With the images excluded, set down every line of the listing below exactly.

——

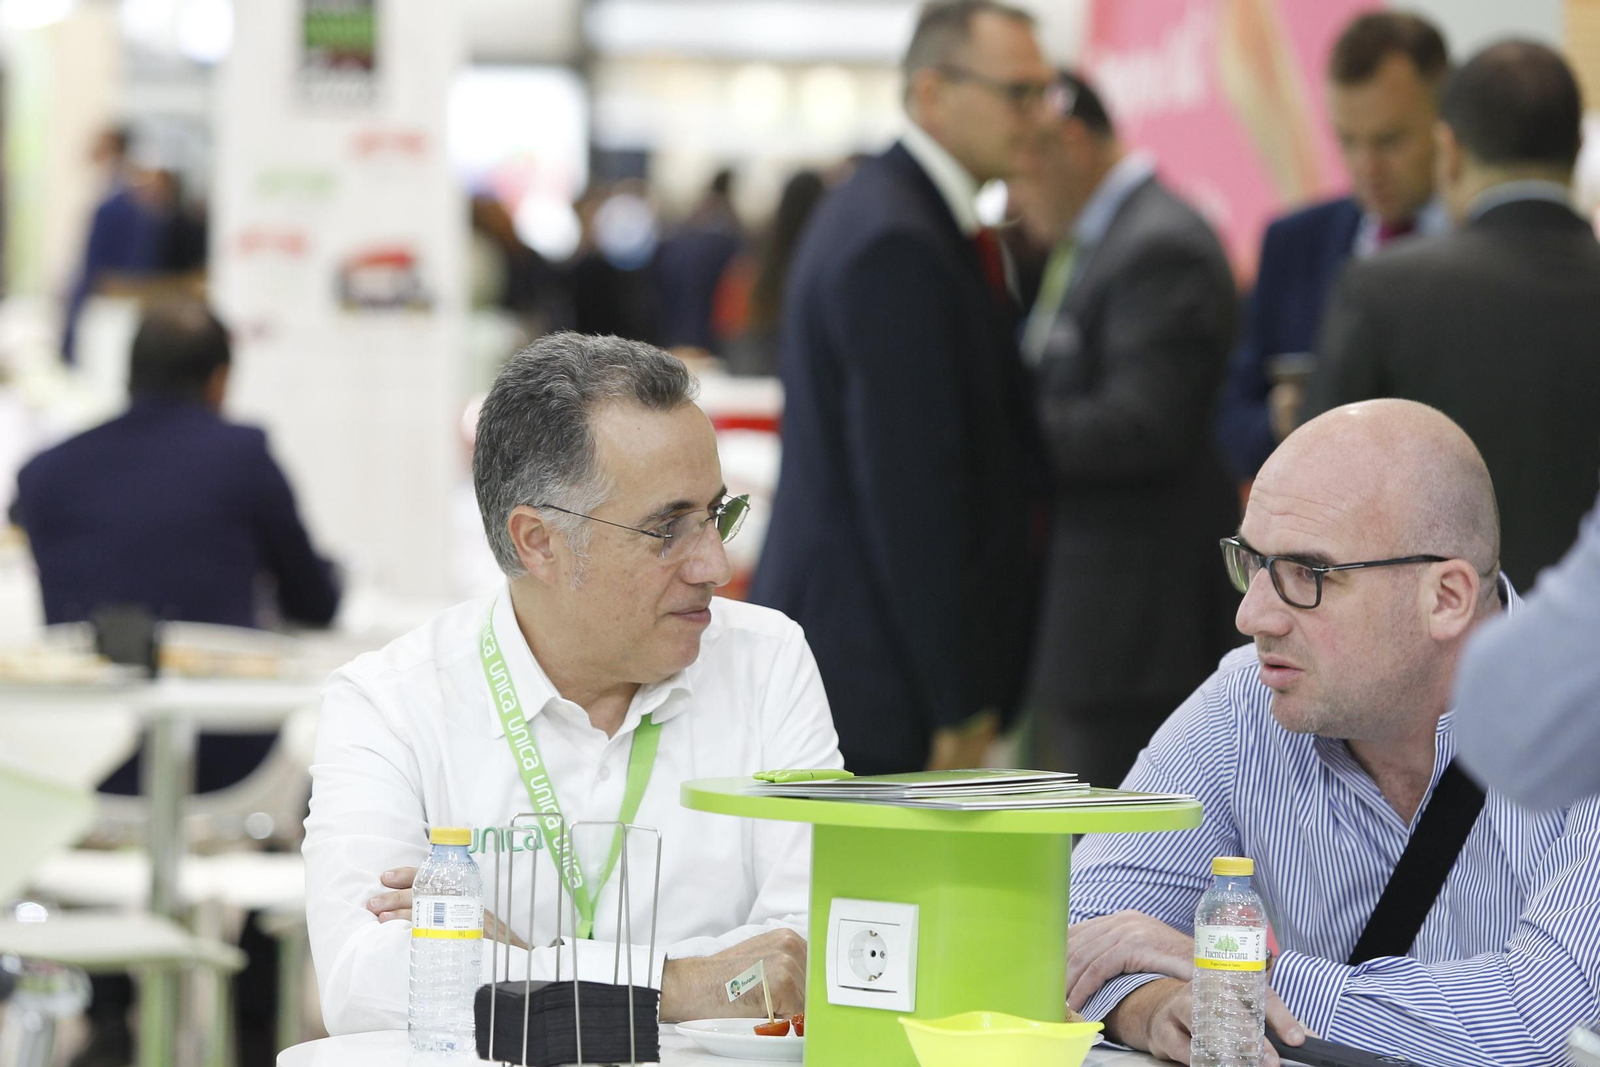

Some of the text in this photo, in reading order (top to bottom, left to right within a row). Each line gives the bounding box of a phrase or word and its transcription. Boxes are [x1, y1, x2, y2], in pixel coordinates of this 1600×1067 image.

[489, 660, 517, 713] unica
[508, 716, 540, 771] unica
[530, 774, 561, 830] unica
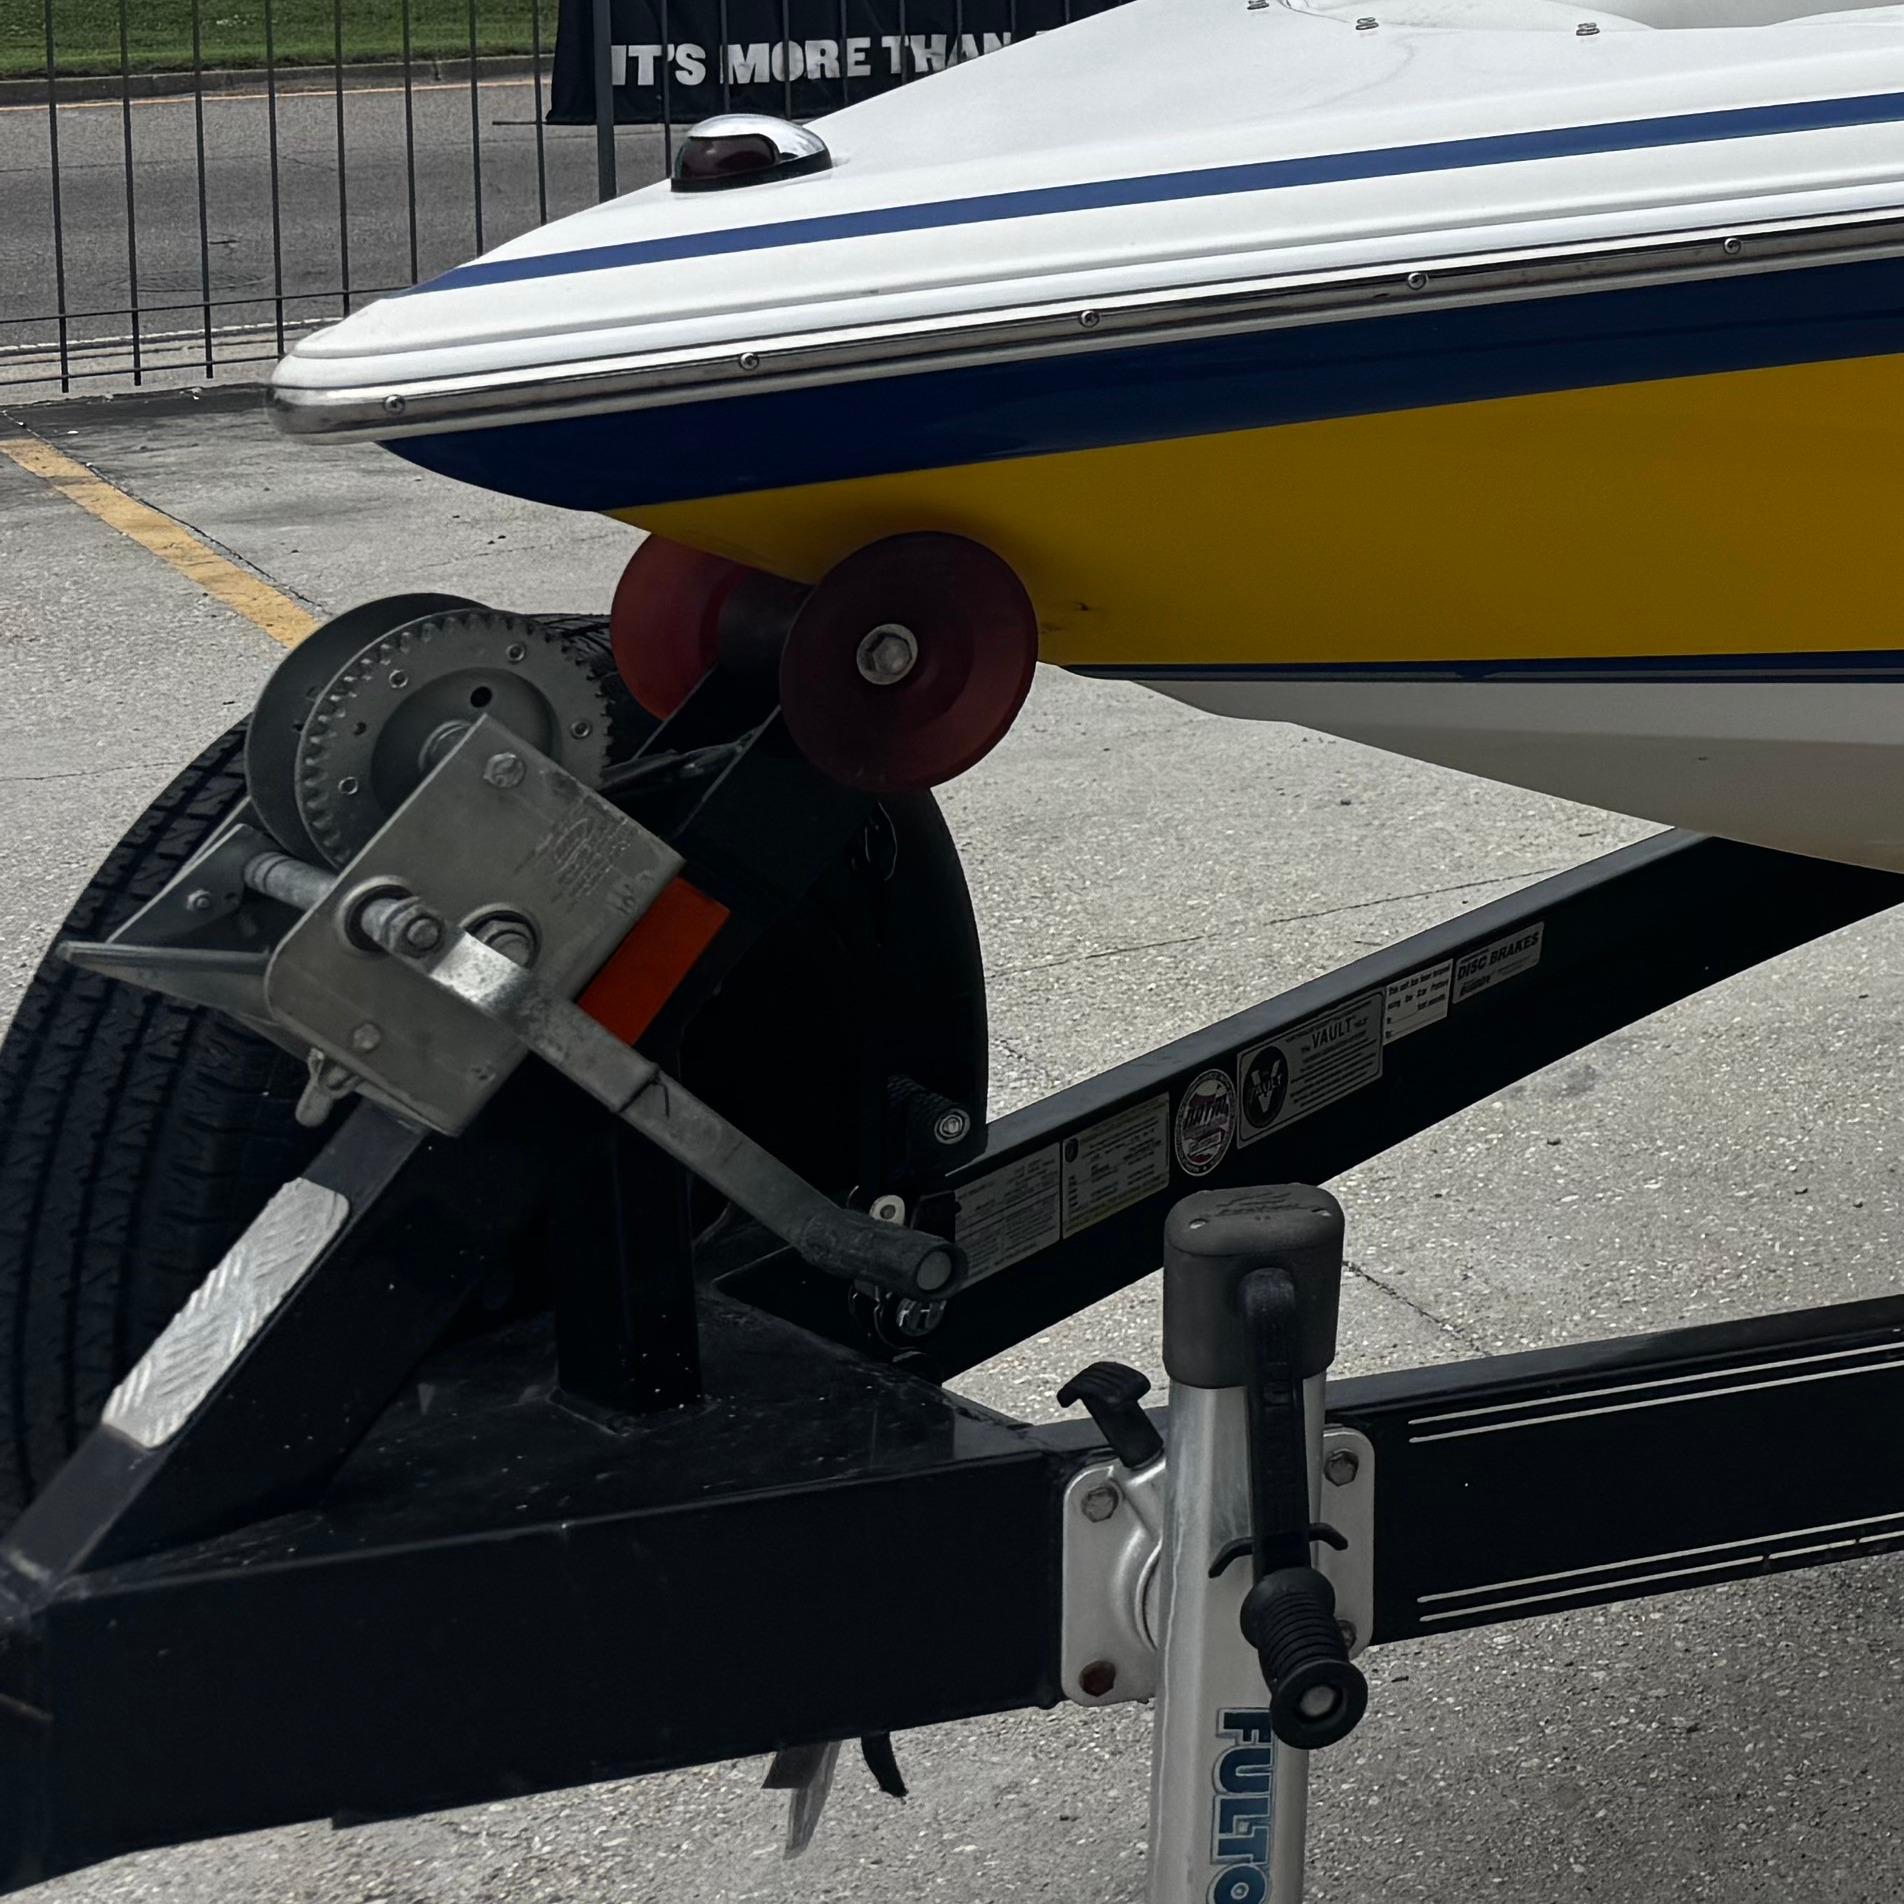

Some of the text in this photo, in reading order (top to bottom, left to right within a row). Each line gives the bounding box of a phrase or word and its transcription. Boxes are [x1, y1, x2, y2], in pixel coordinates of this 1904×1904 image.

——

◆ **Result below**:
Some of the text in this photo, in reading order (top to bottom, left to right within a row). Each line gives the bounding box of a phrase or word and its transcription. Boxes are [x1, y1, x2, y2], in pixel coordinates of this 1600×1067 image.

[489, 660, 517, 713] unica
[508, 716, 540, 771] unica
[530, 774, 561, 830] unica

Some of the text in this photo, in reading order (top to bottom, left to right within a row). Each line gives the bounding box of a phrase or word and its transcription. Boxes are [x1, y1, x2, y2], in pixel coordinates of this 1904×1904 image.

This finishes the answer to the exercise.